WORKING DATA below:
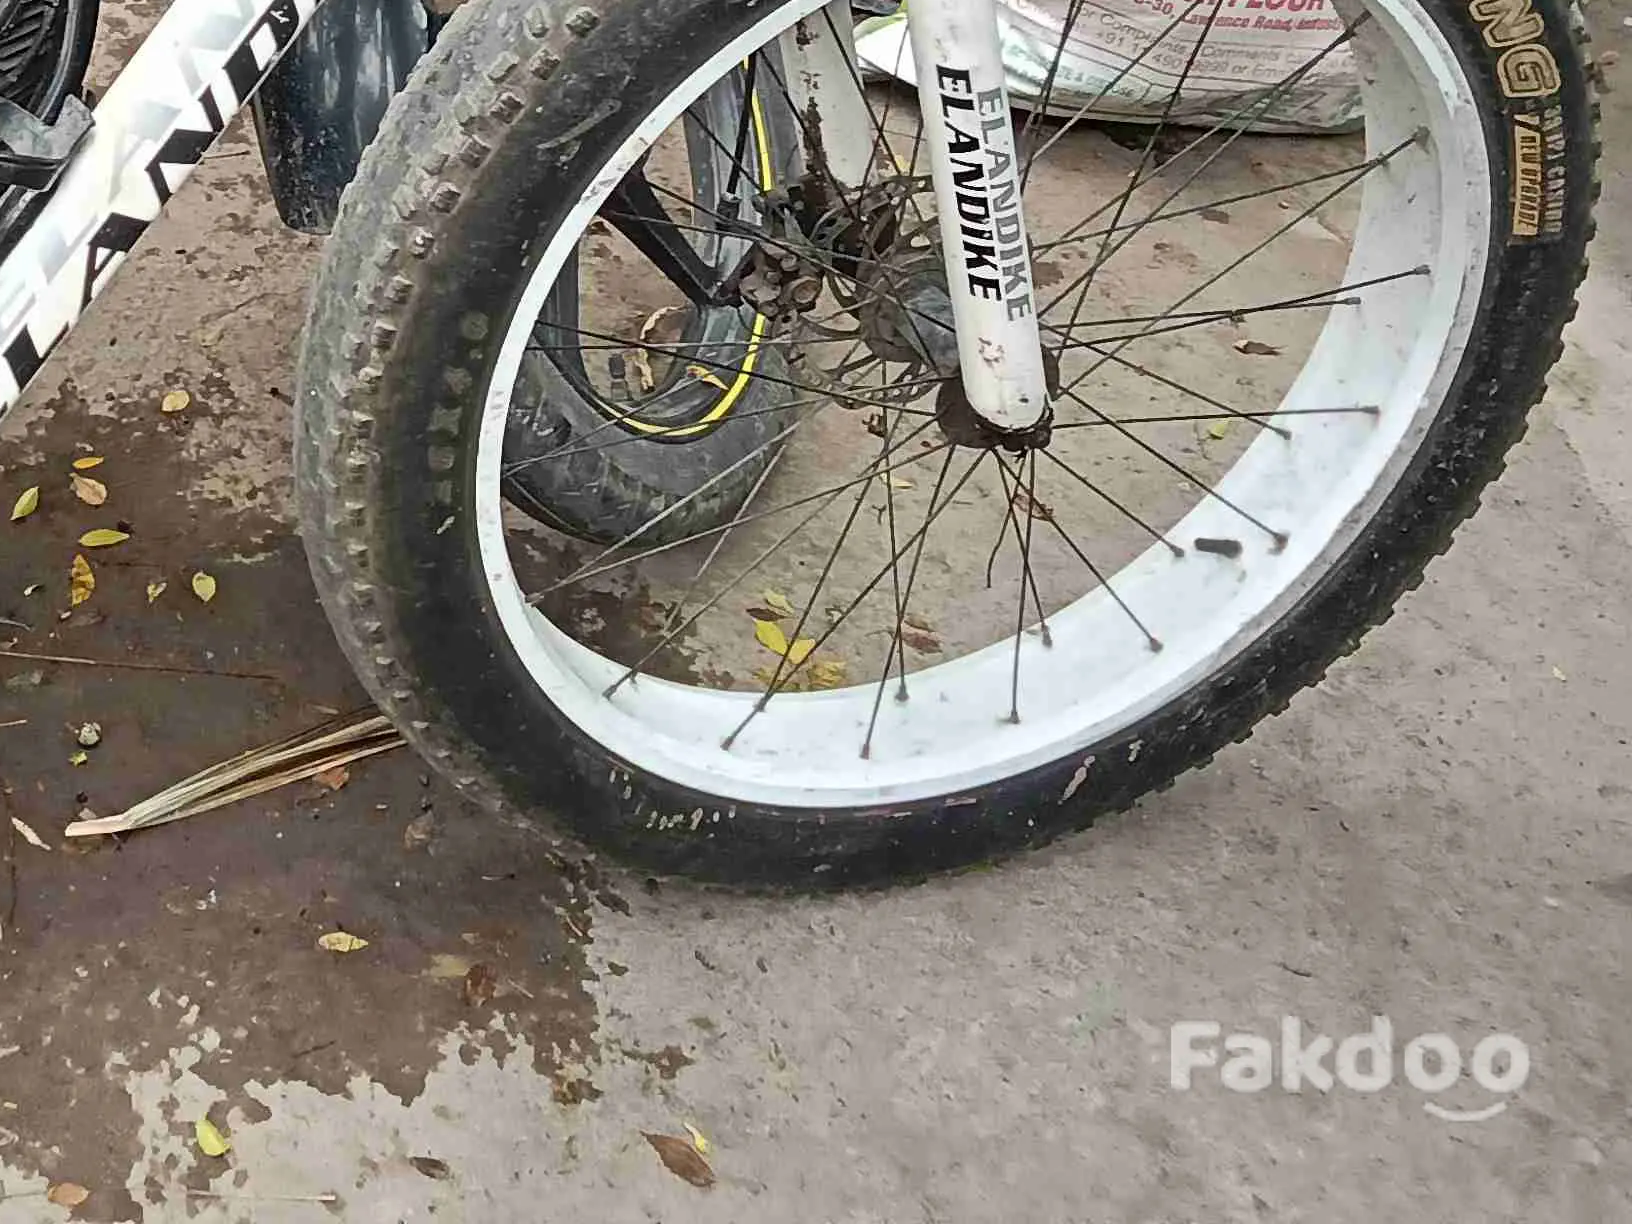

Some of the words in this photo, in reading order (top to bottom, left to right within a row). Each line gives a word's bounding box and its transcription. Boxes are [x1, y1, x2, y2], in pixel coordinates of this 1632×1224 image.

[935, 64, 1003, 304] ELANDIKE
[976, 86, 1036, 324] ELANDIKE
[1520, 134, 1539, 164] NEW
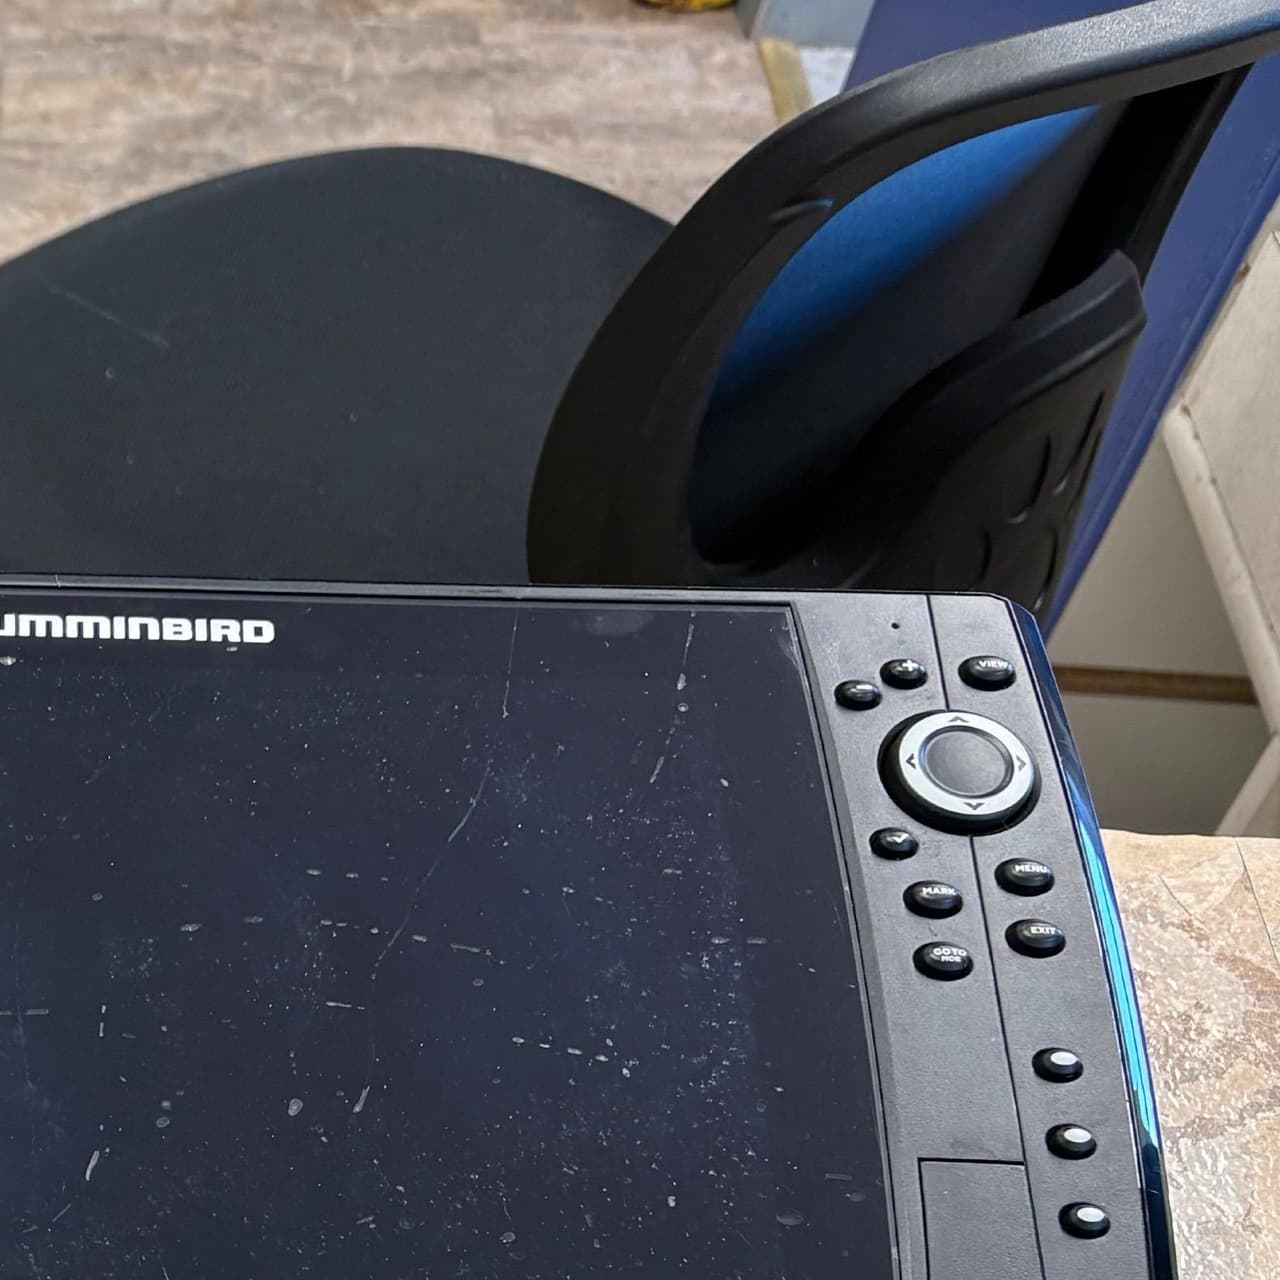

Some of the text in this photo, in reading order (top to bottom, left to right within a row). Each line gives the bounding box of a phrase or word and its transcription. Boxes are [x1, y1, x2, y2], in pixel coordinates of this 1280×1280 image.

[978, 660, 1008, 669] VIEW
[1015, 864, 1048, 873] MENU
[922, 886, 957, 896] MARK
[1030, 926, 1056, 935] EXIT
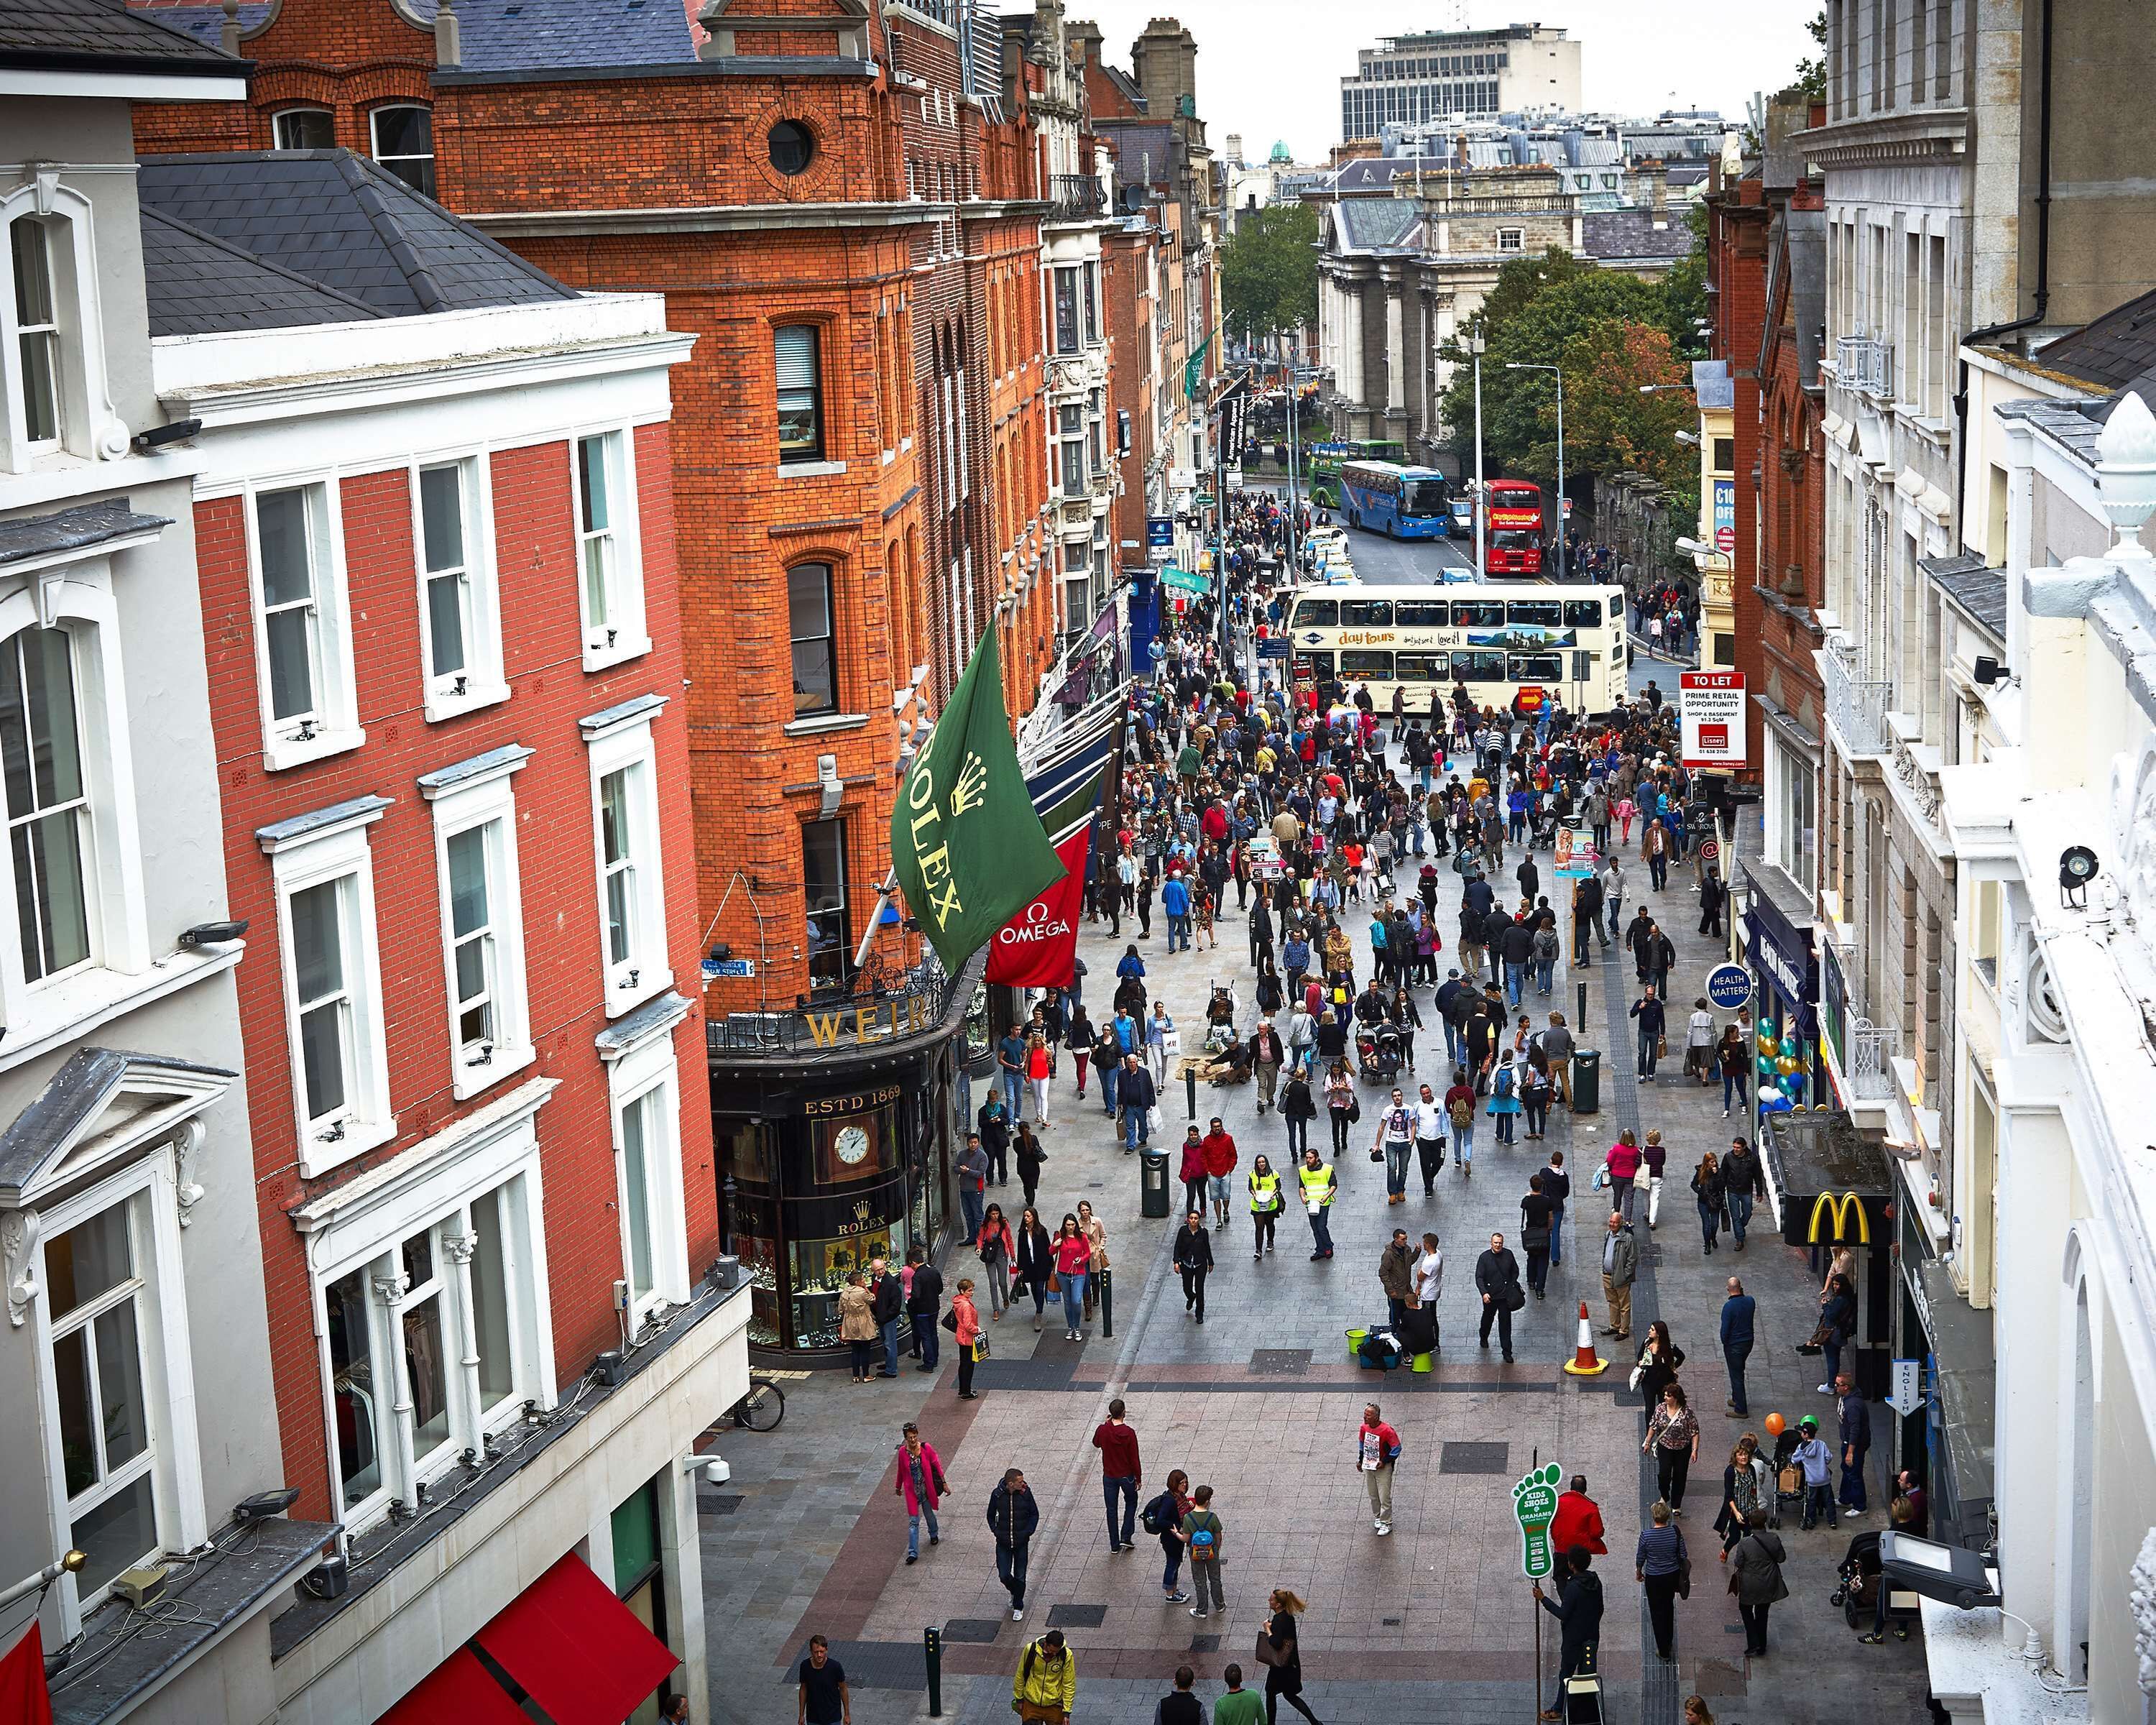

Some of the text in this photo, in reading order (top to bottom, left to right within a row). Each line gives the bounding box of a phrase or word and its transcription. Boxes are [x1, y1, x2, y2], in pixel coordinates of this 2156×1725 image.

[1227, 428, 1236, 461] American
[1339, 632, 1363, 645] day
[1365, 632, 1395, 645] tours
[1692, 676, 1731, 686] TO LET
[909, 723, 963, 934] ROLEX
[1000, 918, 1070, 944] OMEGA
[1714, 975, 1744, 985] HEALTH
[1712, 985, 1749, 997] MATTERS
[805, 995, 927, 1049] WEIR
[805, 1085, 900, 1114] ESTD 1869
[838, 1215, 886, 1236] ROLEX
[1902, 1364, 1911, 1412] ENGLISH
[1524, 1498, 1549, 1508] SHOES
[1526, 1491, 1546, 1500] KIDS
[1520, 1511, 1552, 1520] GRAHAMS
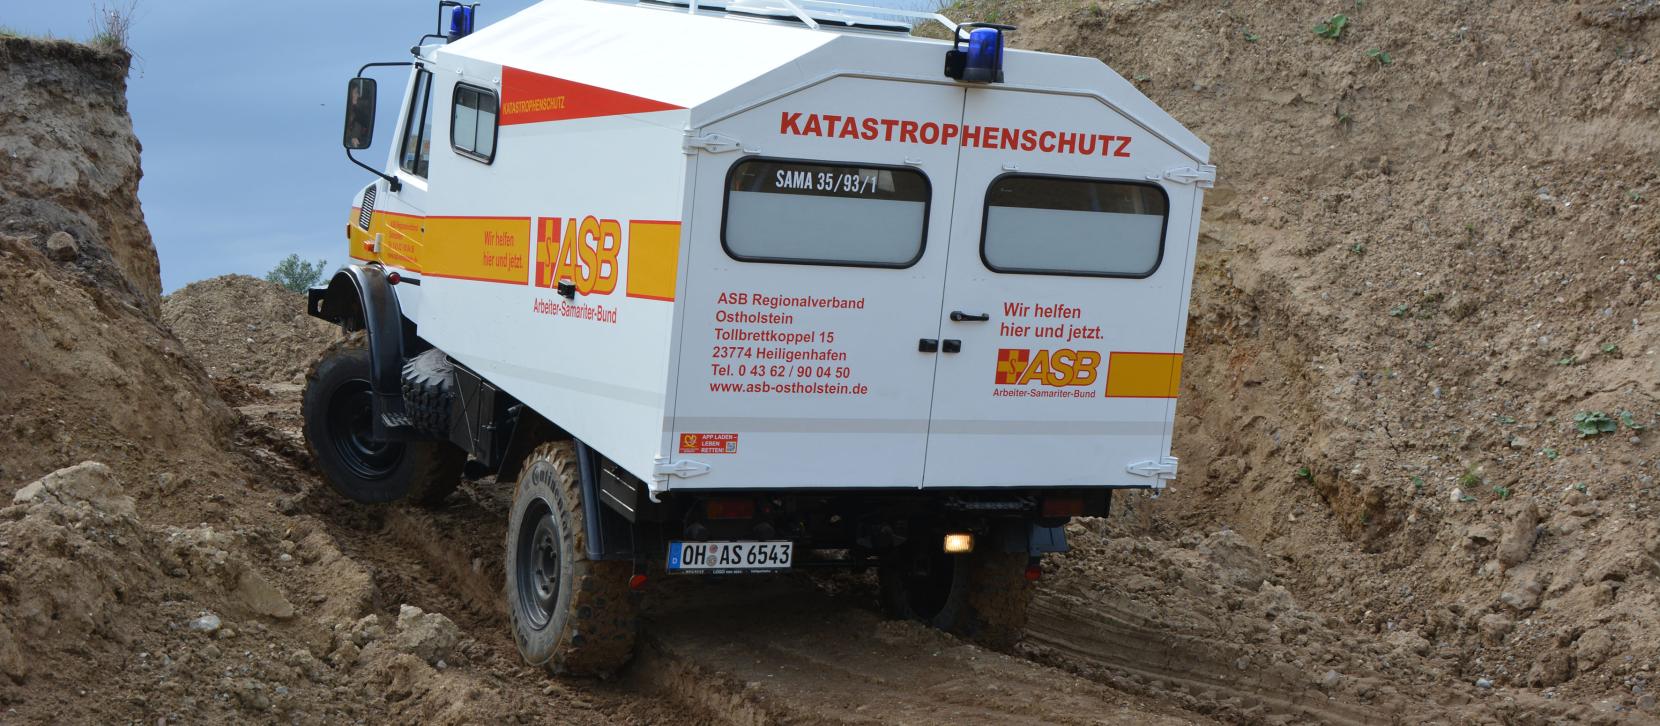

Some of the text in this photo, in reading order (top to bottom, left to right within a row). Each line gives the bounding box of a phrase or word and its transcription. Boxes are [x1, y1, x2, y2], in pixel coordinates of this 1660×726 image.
End of WORKING DATA.
_WORK ITEM_:
Reproduce exactly, with every picture left out, the lines from the one that contains "this 2156×1725 image." to the final line of the records above.

_RESULT OF THE EXERCISE_:
Some of the text in this photo, in reading order (top to bottom, left to right within a row). Each line gives the bounding box of a phrase or word and its transcription. Boxes are [x1, y1, x2, y2], in pixel coordinates of this 2156×1725 image.

[1227, 428, 1236, 461] American
[1339, 632, 1363, 645] day
[1365, 632, 1395, 645] tours
[1692, 676, 1731, 686] TO LET
[909, 723, 963, 934] ROLEX
[1000, 918, 1070, 944] OMEGA
[1714, 975, 1744, 985] HEALTH
[1712, 985, 1749, 997] MATTERS
[805, 995, 927, 1049] WEIR
[805, 1085, 900, 1114] ESTD 1869
[838, 1215, 886, 1236] ROLEX
[1902, 1364, 1911, 1412] ENGLISH
[1524, 1498, 1549, 1508] SHOES
[1526, 1491, 1546, 1500] KIDS
[1520, 1511, 1552, 1520] GRAHAMS

Some of the text in this photo, in reading order (top to bottom, left to right within a row). Each line gives the bounding box of a phrase or word and its transcription. Boxes are [x1, y1, x2, y2], in pixel coordinates of this 1660×726 image.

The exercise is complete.